• WORK REQUIRED
What you submit must be an exact copy of the listing below, with no images in it.

• SOURCE RECORDS
------------------------------------------------------------

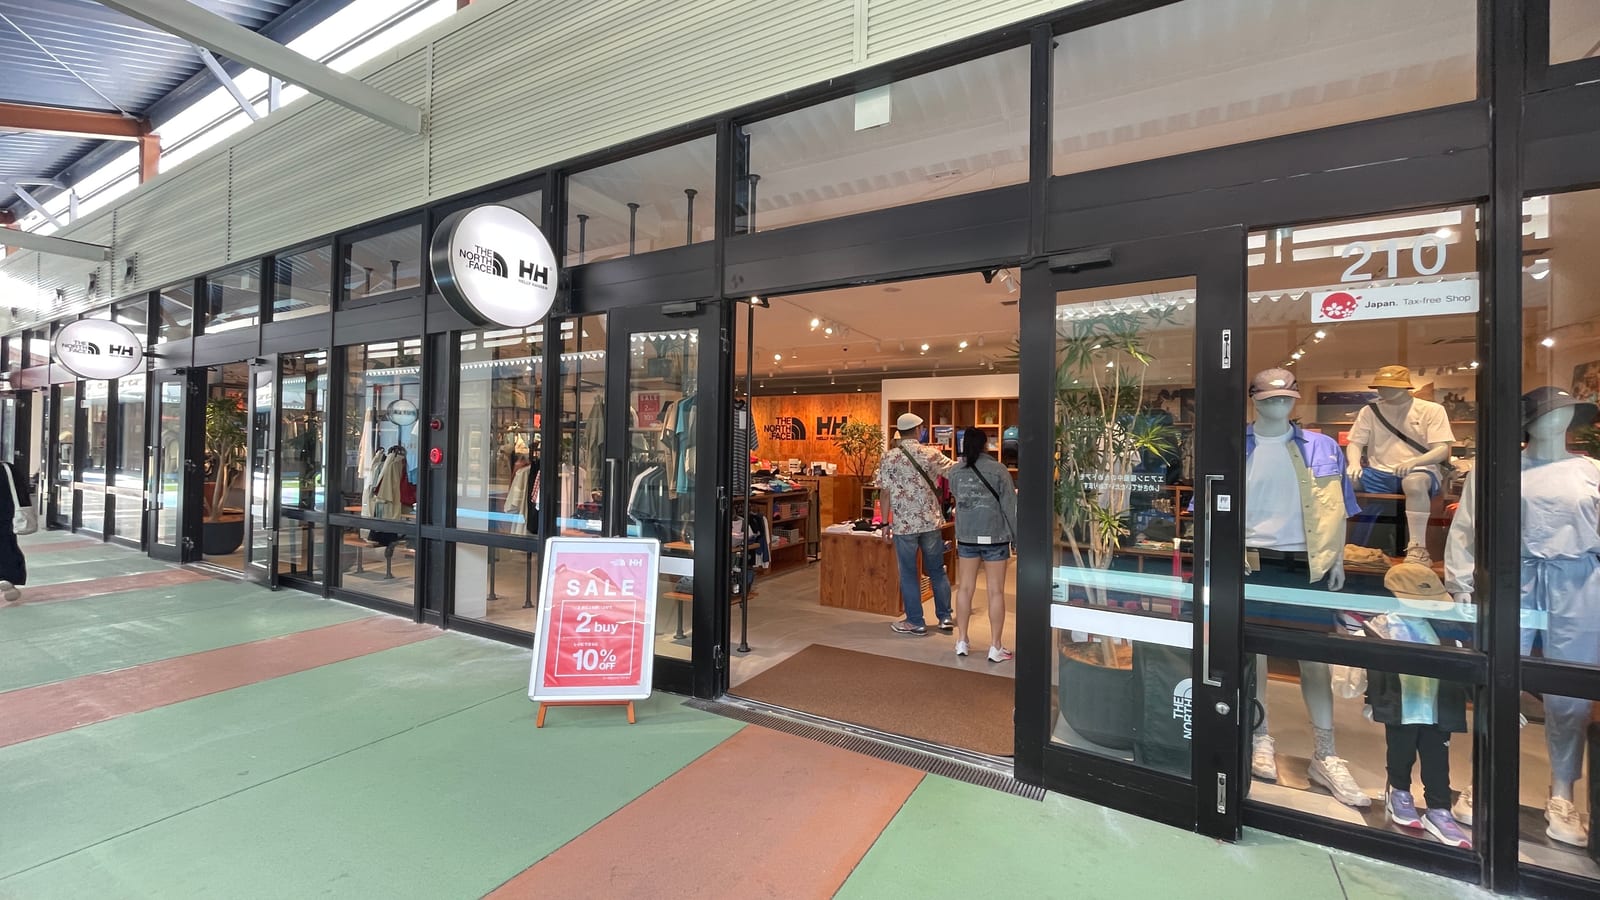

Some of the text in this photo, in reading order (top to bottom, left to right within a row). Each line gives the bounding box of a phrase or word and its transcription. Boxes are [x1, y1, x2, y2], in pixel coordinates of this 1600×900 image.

[460, 249, 492, 265] NORTH
[475, 245, 492, 257] THE
[1340, 233, 1447, 282] 210
[469, 260, 492, 274] FACE
[519, 259, 548, 285] HH
[1364, 294, 1472, 309] Japan. Tax-free Shop
[109, 344, 133, 356] HH
[763, 424, 792, 433] NORTH
[776, 417, 792, 425] THE
[816, 416, 847, 435] HH
[771, 432, 792, 440] FACE
[567, 579, 634, 596] SALE
[575, 611, 619, 635] 2 buy
[598, 662, 616, 670] OFF
[1173, 696, 1184, 719] THE
[1183, 697, 1192, 739] NORTH

------------------------------------------------------------

• OUTPUT FOR THIS EXERCISE
Some of the text in this photo, in reading order (top to bottom, left to right within a row). Each line gives the bounding box of a phrase or word and its transcription. Boxes are [x1, y1, x2, y2], in pixel coordinates of this 1600×900 image.

[460, 249, 492, 265] NORTH
[475, 245, 492, 257] THE
[1340, 233, 1447, 282] 210
[469, 260, 492, 274] FACE
[519, 259, 548, 285] HH
[1364, 294, 1472, 309] Japan. Tax-free Shop
[109, 344, 133, 356] HH
[763, 424, 792, 433] NORTH
[776, 417, 792, 425] THE
[816, 416, 847, 435] HH
[771, 432, 792, 440] FACE
[567, 579, 634, 596] SALE
[575, 611, 619, 635] 2 buy
[598, 662, 616, 670] OFF
[1173, 696, 1184, 719] THE
[1183, 697, 1192, 739] NORTH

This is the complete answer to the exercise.